I planned it all...a long time ago...the perfect picture...
But never knew how hard it would be on me...
I'm afraid for once...not of monsters, death, sickness, phobias, or Michael...
Deeply scared...of what I force myself to do...
And what I do to myself to force it...
Unhappy, unhealthy, unending, unsettled, undone, un-ness altogether...
Guess it is not natural, otherwise I would be happy...or so "they" say...
But sometimes we need a painful push...
Pain can make us stronger...
But when will it ever end?
Can't have pain forever...don't yet want an early end...
Yet I'm heading that way...stupidly/smartly chose the path of doom...
Young, ignorant, beautiful, intelligent, crazy, addict...
Nothing to do with the path I chose...
By the way, never hand me a rose....
For it will die on the concrete floor...no cute vase or water for the flower...
I was real, but now..I've lost every single inborn power...
How can I be what I wanted to be...when I can't even take care of me...
Just have to rid of the "evil rest"...then I, perhaps, can be my best...
Unless the "rest"...is what I need...
Logically the "rest" will only help me succeed in...
Ruining lives, including my own...
I won't take help, although I should...
It’s not offered anyway...not even after all that I say...
Time is running it all...
I'm not suicidal, or on trial, or failing, or crying...yet I am continuously dying...
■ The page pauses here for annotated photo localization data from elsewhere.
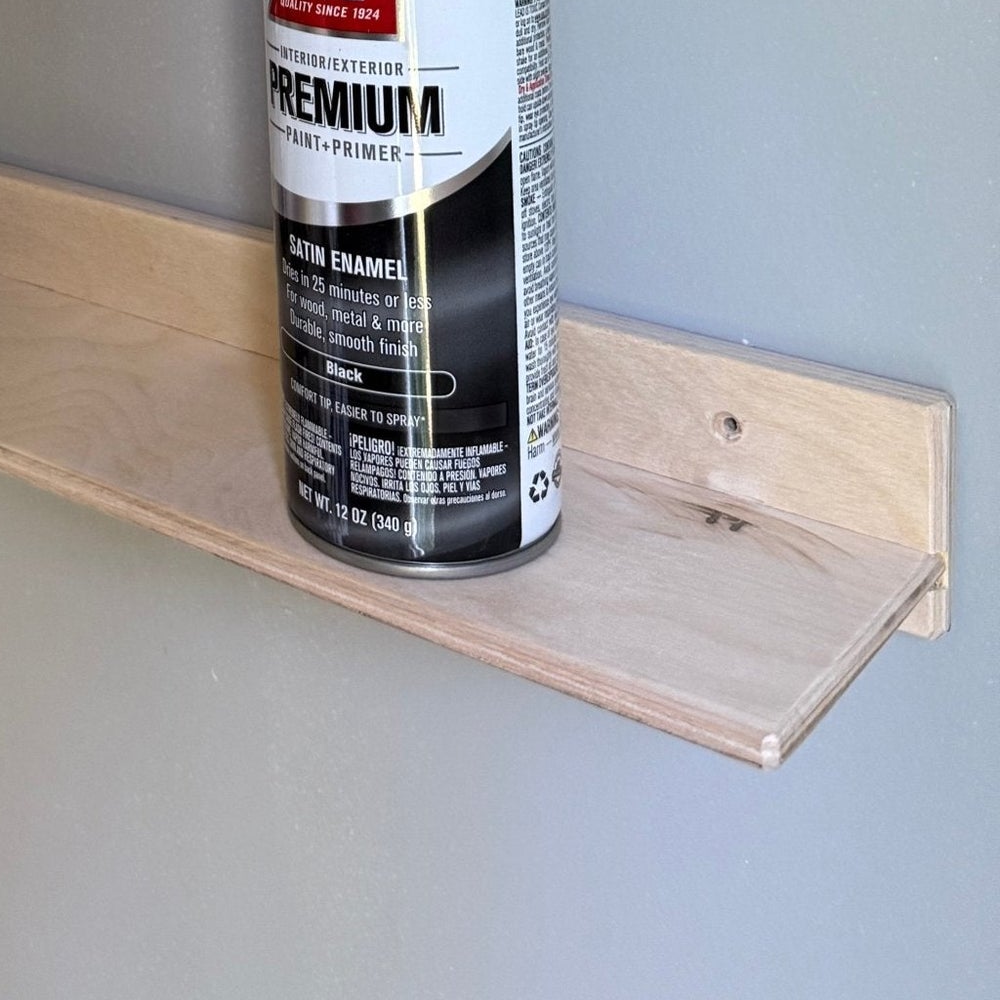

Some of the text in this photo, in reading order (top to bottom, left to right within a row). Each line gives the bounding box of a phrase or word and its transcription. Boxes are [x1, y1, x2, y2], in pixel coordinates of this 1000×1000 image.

[316, 3, 347, 18] SINCE
[353, 7, 380, 21] 1924
[280, 45, 404, 77] INTERIOR/EXTERIOR
[269, 59, 445, 137] PREMIUM
[286, 125, 401, 162] PAINT+PRIMER
[521, 193, 536, 208] SMOKE
[289, 233, 408, 281] SATIN ENAMEL
[282, 257, 432, 310] Dries in 25 minutes or less
[286, 283, 424, 334] For wood, metal & more
[290, 308, 418, 358] Durable, smooth finish
[326, 360, 363, 383] Black
[290, 377, 317, 404] COMFORT
[319, 394, 333, 414] TIP,
[336, 402, 368, 422] EASIER
[370, 411, 383, 424] TO
[527, 413, 536, 426] NOT
[349, 432, 395, 456] ¡PELIGRO!
[350, 448, 481, 471] LOS VAPORES PUEDEN CAUSAR FUEGOS
[398, 469, 438, 482] CONTENIDO
[439, 471, 445, 481] A
[479, 463, 507, 479] VAPORES
[350, 482, 402, 502] RESPIRATORIAS.
[430, 495, 446, 505] otras
[447, 493, 484, 506] precauciones
[485, 491, 491, 501] al
[381, 478, 404, 491] IRRITA
[405, 480, 419, 492] LOS
[443, 482, 458, 493] PIEL
[459, 481, 465, 492] Y
[299, 480, 418, 537] NET WT. 12 OZ (340 g)
The tests come up clean...but the one who took the tests was the machine...
People pretend that they don't see...
The shifting shapes, the random words, the altered personality...
The doctors, the family, the friends, the pope...
Yet, every once in a while they strike a quote...
But never finish, never ask, never stop me...
Why am I only a portion of what I planned?...
Why won't these addictions just let go of my hand?